PC Magazine did a little post about this Google homage, with a headline of Google Doodle Celebrates Comics Legend Will Eisner.  And they start out by explaining

Google has unveiled its latest doodle—a creative play on the logo that adorns the company's primary search page. Comics artist Scott McCloud assisted in the creation of today's illustration, which pays tribute to comic book legend Will Eisner. The masked character making up the two "Os" in Google represents one of Eisner's more well-known works: The Spirit, or Denny Colt, a crime-fighting detective whose comic (of the same name) ran in newspapers between 1940 and 1952. 
I was doubly impressed to see that Scott McCloud was involved.  I brought him up in a previous post here on blog time passing, Understanding the Comics Medium, and his book, Understanding Comics, is one of the assigned readings I've included for my graduate class on Media and Symbolic Form at Fordham University.   David Murphy provides a little more information about McCloud at the end of the piece:

McCloud, who helped fashion today's Google doodle (in honor of what would have been Eisner's 94th birthday), previously illustrated Google's Chrome comic book. He's also a judge for the "Doodle 4 Google" contest, which invites K-12 students to submit Google-themed illustrations for the chance to win a $15,000 grand prize—a college scholarship, of course, in addition to other technological goodies.
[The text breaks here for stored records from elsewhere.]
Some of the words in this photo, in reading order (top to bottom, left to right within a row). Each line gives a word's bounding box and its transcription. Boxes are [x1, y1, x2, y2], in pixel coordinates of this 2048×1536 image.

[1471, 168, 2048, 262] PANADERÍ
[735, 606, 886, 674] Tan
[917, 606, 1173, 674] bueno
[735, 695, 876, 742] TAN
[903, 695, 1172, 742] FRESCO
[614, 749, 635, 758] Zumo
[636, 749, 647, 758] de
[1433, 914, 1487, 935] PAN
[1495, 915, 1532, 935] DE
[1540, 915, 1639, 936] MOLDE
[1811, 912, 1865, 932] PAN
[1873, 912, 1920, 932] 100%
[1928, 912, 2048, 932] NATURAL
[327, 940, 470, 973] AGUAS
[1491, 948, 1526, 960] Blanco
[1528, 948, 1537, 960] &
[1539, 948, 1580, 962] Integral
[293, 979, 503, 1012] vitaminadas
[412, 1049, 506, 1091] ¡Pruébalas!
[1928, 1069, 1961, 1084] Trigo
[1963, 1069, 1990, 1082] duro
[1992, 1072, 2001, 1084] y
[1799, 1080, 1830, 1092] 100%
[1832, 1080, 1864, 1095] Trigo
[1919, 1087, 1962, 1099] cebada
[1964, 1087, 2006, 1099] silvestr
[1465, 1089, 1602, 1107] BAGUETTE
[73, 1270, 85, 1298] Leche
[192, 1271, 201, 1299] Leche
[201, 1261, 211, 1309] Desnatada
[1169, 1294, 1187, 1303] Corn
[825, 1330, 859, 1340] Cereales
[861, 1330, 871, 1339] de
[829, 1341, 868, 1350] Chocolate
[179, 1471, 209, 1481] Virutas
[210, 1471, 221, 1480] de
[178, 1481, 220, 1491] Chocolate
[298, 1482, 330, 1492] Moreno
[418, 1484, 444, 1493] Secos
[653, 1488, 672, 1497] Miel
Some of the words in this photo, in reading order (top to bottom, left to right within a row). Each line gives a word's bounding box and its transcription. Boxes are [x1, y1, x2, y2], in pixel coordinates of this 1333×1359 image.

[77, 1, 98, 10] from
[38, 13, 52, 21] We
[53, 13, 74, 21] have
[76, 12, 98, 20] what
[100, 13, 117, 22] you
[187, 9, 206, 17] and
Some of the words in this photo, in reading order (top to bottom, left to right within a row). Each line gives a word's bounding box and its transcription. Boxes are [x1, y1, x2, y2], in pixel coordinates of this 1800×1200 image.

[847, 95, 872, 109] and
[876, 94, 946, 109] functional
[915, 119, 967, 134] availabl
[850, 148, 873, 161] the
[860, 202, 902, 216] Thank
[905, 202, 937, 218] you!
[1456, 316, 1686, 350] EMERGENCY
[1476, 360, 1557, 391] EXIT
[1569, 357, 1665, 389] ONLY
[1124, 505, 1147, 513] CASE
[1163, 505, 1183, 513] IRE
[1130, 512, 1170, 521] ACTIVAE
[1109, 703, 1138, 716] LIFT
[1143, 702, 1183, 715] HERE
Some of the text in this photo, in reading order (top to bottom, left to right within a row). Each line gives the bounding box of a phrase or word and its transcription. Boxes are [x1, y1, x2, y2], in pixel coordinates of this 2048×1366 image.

The article also gives some background information about Eisner, including the following:

Subsequent work by Eisner, including his graphic novels entitled, "A Contract With God, and Other Tenement Stories," as well as a graphical retelling of Herman Melville's, "Moby Dick," earned Eisner the unofficial honor of being considered the father of modern graphical storytelling. He continue to publish graphical books up until his death in 2004, mainly focusing on using print graphics to retell stories, and expand upon the characters, of various novels and myths cemented in the public consciousness.

"For most of his career, Eisner was years, even decades, ahead of the curve. I saw him debating artists and editors half his age, and there was rarely any question who the youngest man in the room was," writes McCloud. "It helped that he never stood on ceremony. Everyone was his peer, regardless of age or status. None of us called him 'Mr. Eisner.' He was just 'Will.'"

The recognition of Eisner's influence even stretched as far as the awards platform—specifically, the creation of the Will Eisner Comic Industry Award, otherwise known as the "Oscar" of the comics industry, in 1987.

Well then, happy birthday Will, and as for Google, well folks, that's The Spirit!